Therefore, the overall objective of this research is to explore SH in housing price functions. Using Austrian housing data, the following contributions to the literature are established. First, the efficiency of fixed effects is evaluated in the context of global models, considering additionally iterative technical corrections for spatial autocorrelation (SAC) and SH. Secondly, switching to fully local non-parametric modelling, it is demonstrated that SH is only inadequately captured by imposing spatially fixed effects and that systematic parameter variation is evident which deviates substantially from globally estimated implicit prices. Finally, due to an absence of empirical consensus as to which a predictor enters the model globally or locally, the data-driven MGWR procedure is proposed. Thus, the following research questions are addressed
— Are standard hedonic regressions equipped with spatial indictors suitable to model SH? Are technical corrections required to archive a well-specified model?

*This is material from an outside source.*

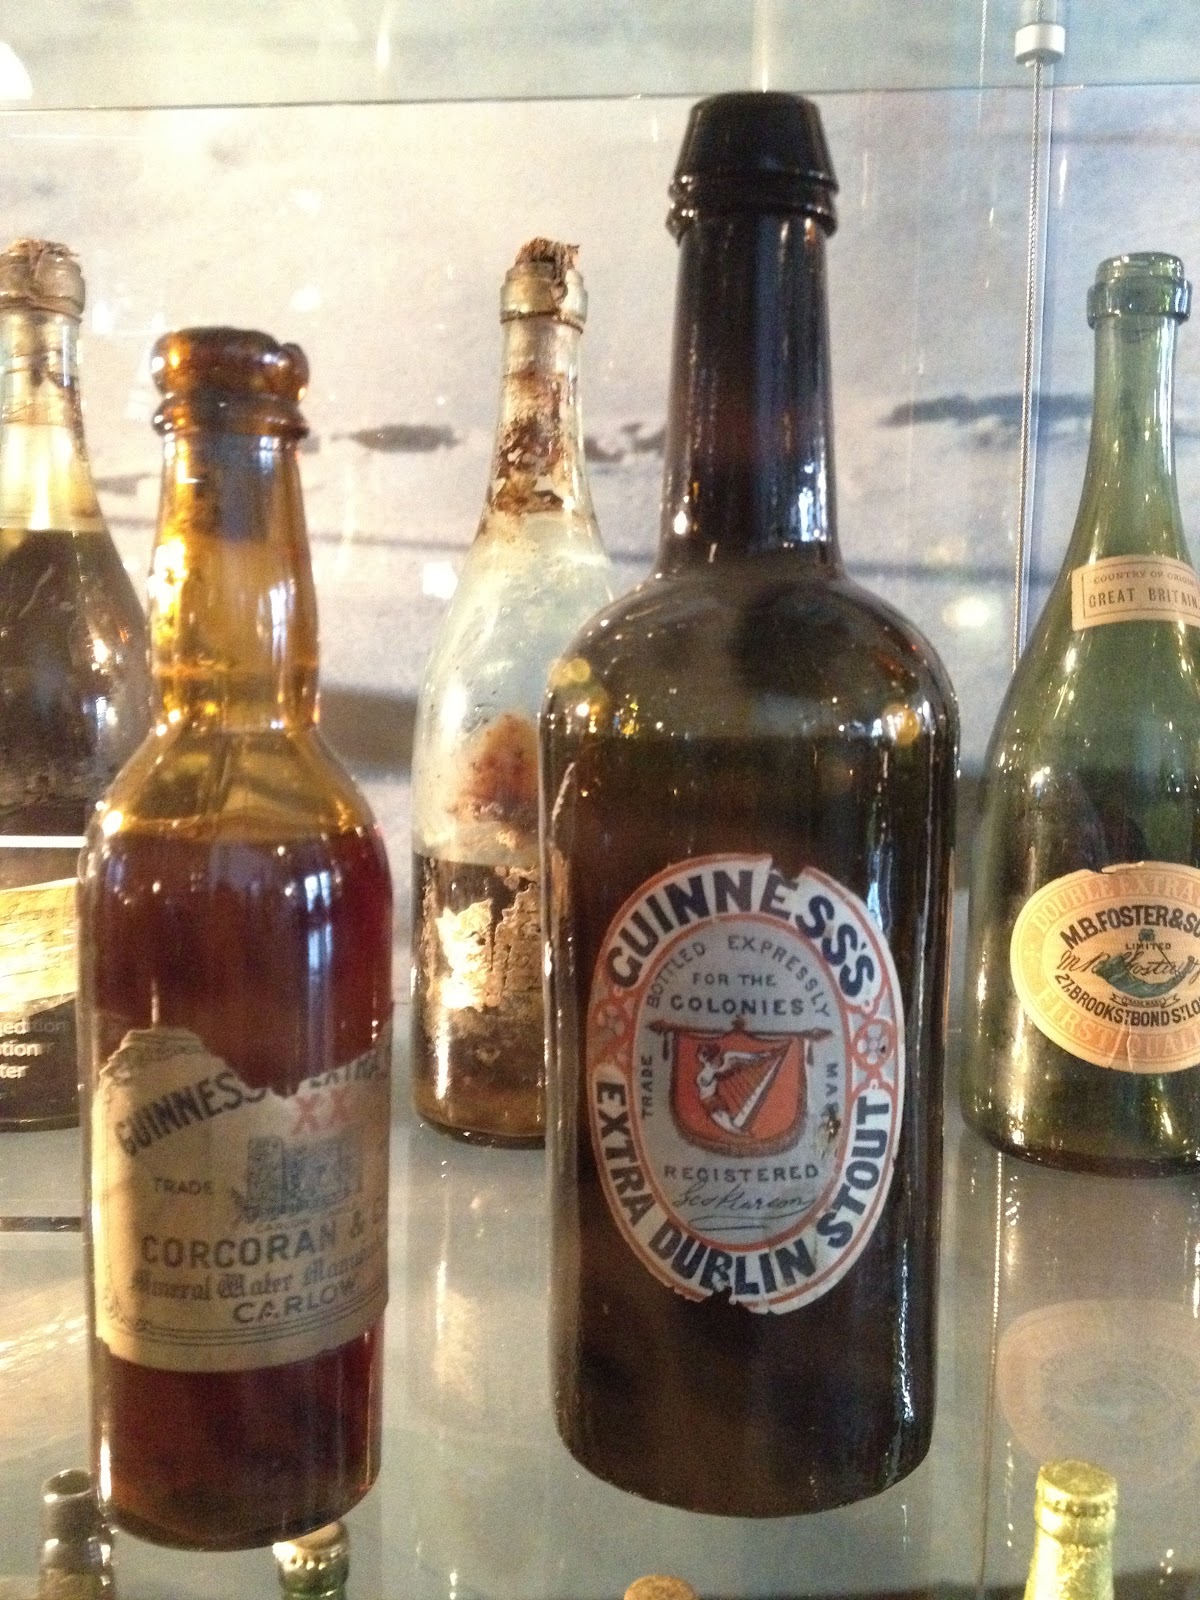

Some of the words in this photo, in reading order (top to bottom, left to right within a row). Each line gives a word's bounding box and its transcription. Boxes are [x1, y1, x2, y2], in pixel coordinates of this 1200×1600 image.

— Is SH beyond the regional fixed effects present? If this is the case, does a semi-local model outperform its global and fully local counterparts?
The rest of the paper is structured as follows. Section 2 reviews the theoretical foundations of hedonic pricing theory and discusses methodologies to account for SH. Following this, section 3 introduces the empirical models. Section 4 presents the study area and the dataset. The results are summarised in section 5, before section 6 highlights major conclusions and implications.
2. Background
2.1 Hedonic Pricing Theory
The theoretical basis of hedonic price modelling (Rosen, 1974) is derived from Lancaster’s (1966) consumer behaviour theory, which argues that it is not the good itself that creates utility, but its individual characteristics. As housing characteristics are non-separable and traded in bundles, real estate is usually treated as a heterogeneous good. Houses are valued for their utility-bearing characteristics with implicit prices, which can be considered as the component’s specific prices (McDonald, 1997). Thus, a household implicitly chooses a set of different goods and services by selecting a specific object (Sheppard, 1997; Malpezzi, 2003). In the course of their purchase decisions, households aim to maximise their utility depending on their own social and economic characteristics. Households’ utilities are also increasingly influenced by the absolute location of the house. Urban economic theory, in particular the monocentric Alonso–Muth–Mills model, provide a uniform framework to explain the spatial organisation of housing (Anas et al., 1998). Briefly stated, the model claims that distance to the core city is the exclusive determinant causing spatial variation in housing prices and that prices, among other things, tend to decline smoothly with distance. Due to this reductionist use of commuting costs, the model has attracted some criticism. However, in a recent empirical study of real estate commodities, Ahlfeldt (2011) concludes that the model still performs satisfactorily.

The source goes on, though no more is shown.